Noticeable difference in durbility and useful life span, esp. for floors? How does this pan out in actual use? Does cypress require preservation/painting? Thanks.


----------



## Michael Bush (Aug 2, 2002)

I wouldn't paint it, but you can. I think the cypress lasts a lot longer than the pine. All other things equal I'd rather have all cypress boxes.

Lately I gave up painting any of the equipment.


----------



## Fusion_power (Jan 14, 2005)

I much prefer cypress over pine. I get at best 10 years service from ponderose pine and about 12 from white pine. My oldest cypress is 10 years and most doesn't look any different than the day I got it. I had one deep brood chamber that developed an area of rot on one board. I had replacement parts so put a new one on and haven't had a problem since.

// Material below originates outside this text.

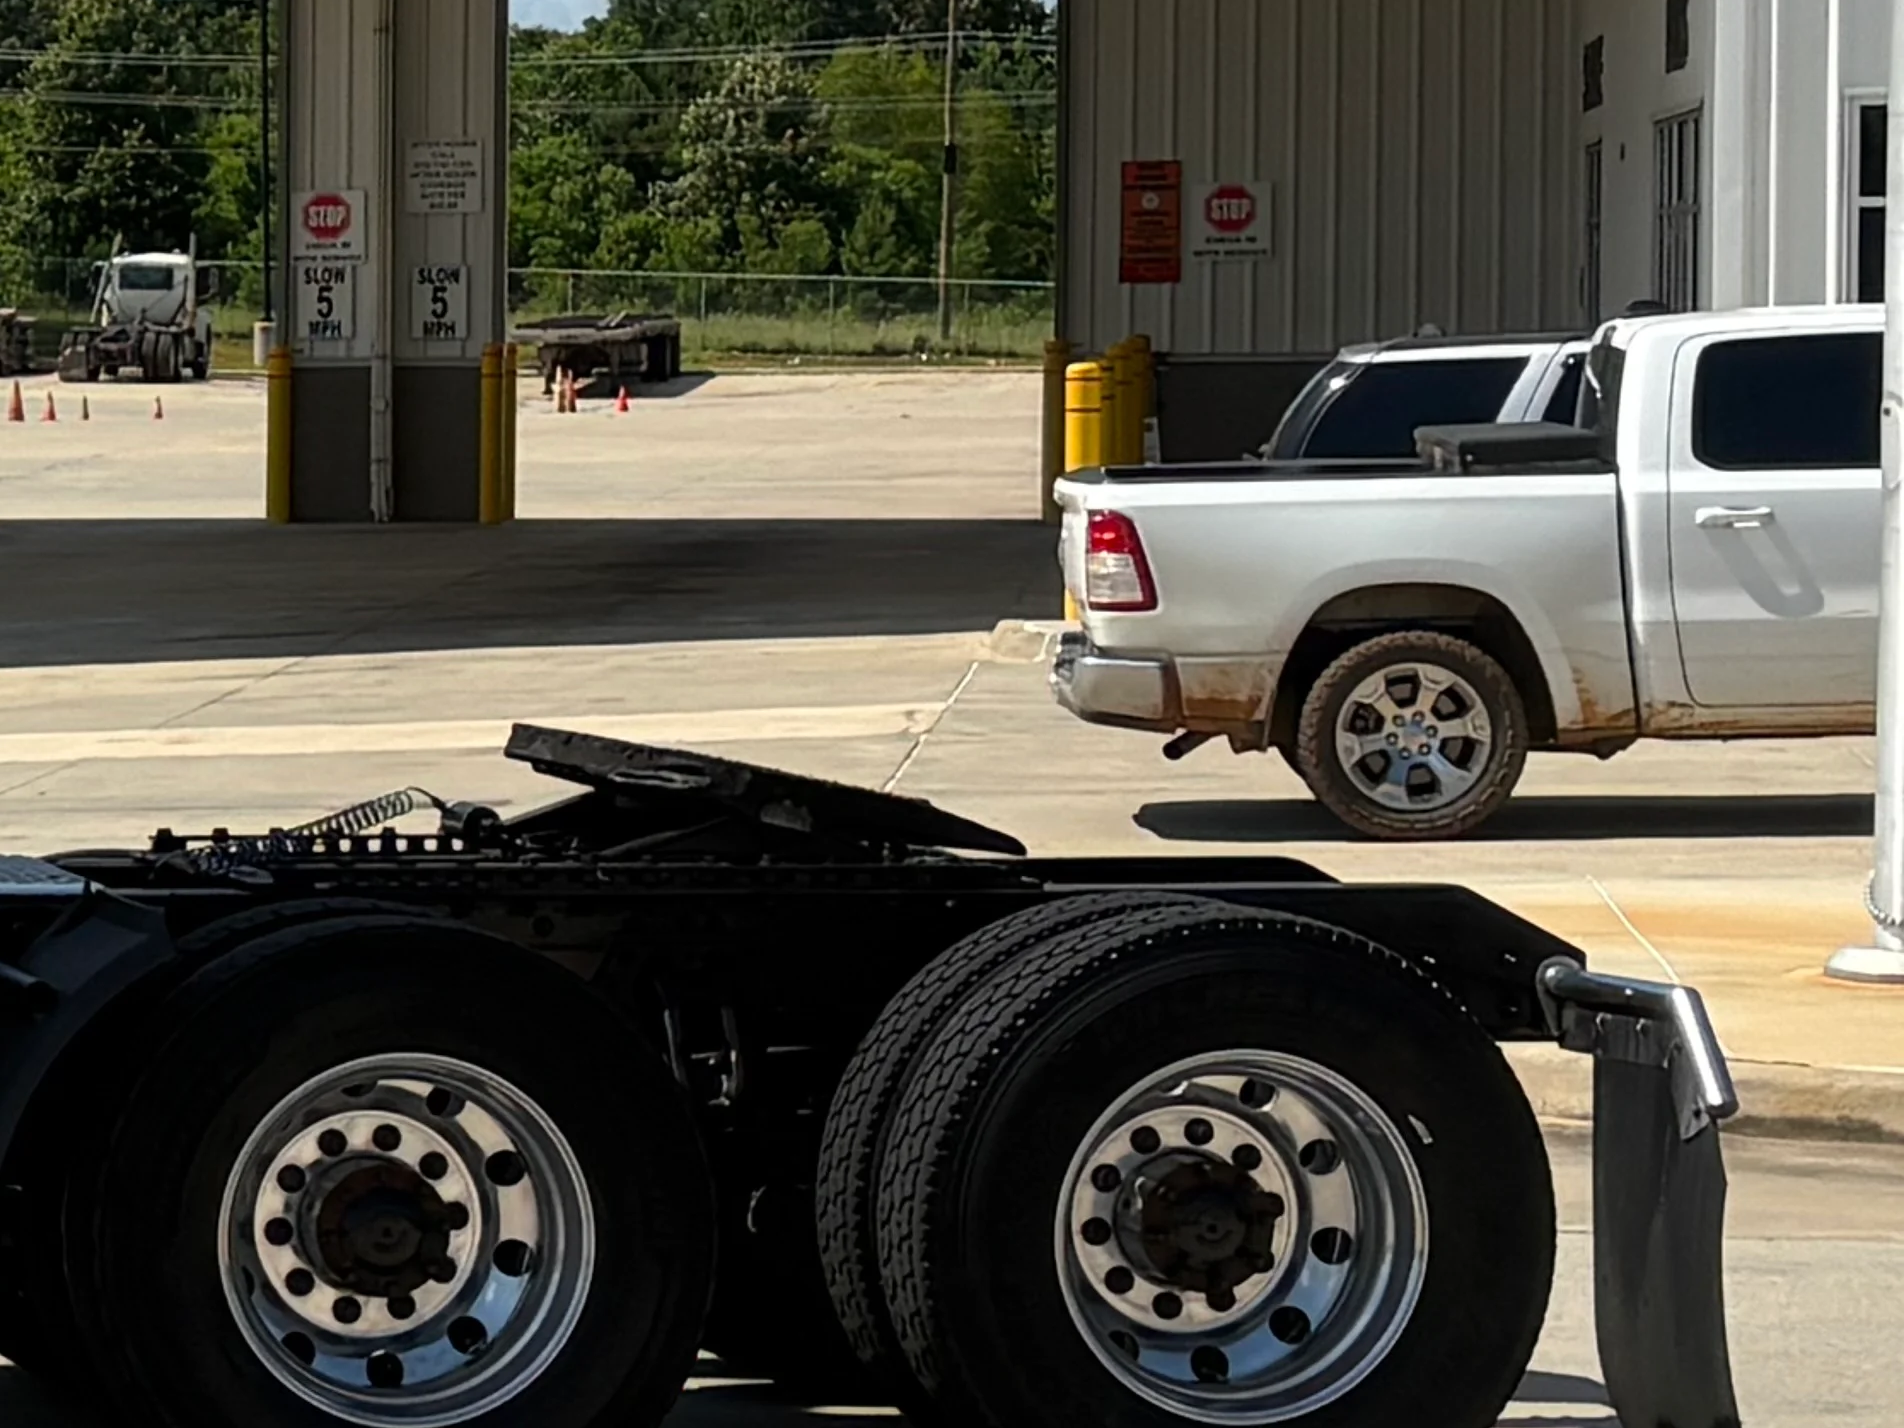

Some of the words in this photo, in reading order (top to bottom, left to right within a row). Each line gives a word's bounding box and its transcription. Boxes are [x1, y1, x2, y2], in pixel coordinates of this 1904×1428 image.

Cypress is a big advantage in a humid climate like here in the SouthEast.

Fusion


----------



## Michael Bush (Aug 2, 2002)

I have some 30 year old deep white pine boxes still in service. But they are looking a bit bad. The bees are starting to find new entrances in the rotting corners now. But then they spent a lot of time in low humidity climates like the Panhandle of Nebraska and Larmie, Wyoming.


----------



## SippyBees (Feb 17, 2004)

Can't beat cypress, BUT... is getting harder to find near me, and if you do find it it ain't cheap.... but its also easy to work with besides being decay resistant.... my wife likes it because it is lighter for her to pick up.... tops are easier for her to lift off.... but for now I just use what is cheapest to buy... being a beekeeper, I didn't realise I would spend almost as much time being a woodworker as with bees. : ))


----------



## JWG (Jun 25, 2004)

How about cedar, then?


----------



## JWG (Jun 25, 2004)

(The cedar topic was covered in an earlier discussion.)


----------



## honeyman46408 (Feb 14, 2003)

I have been building deeps this winter 20 out of cypress and some out of pine the cypress is a lot lighter and softer I wonder how the corners will hold up to the hive tool.
I got a DEAL on the cypress so they were cheaper to build than pine but it was a onetime deal but I have 20 deeps that should last a long time.


----------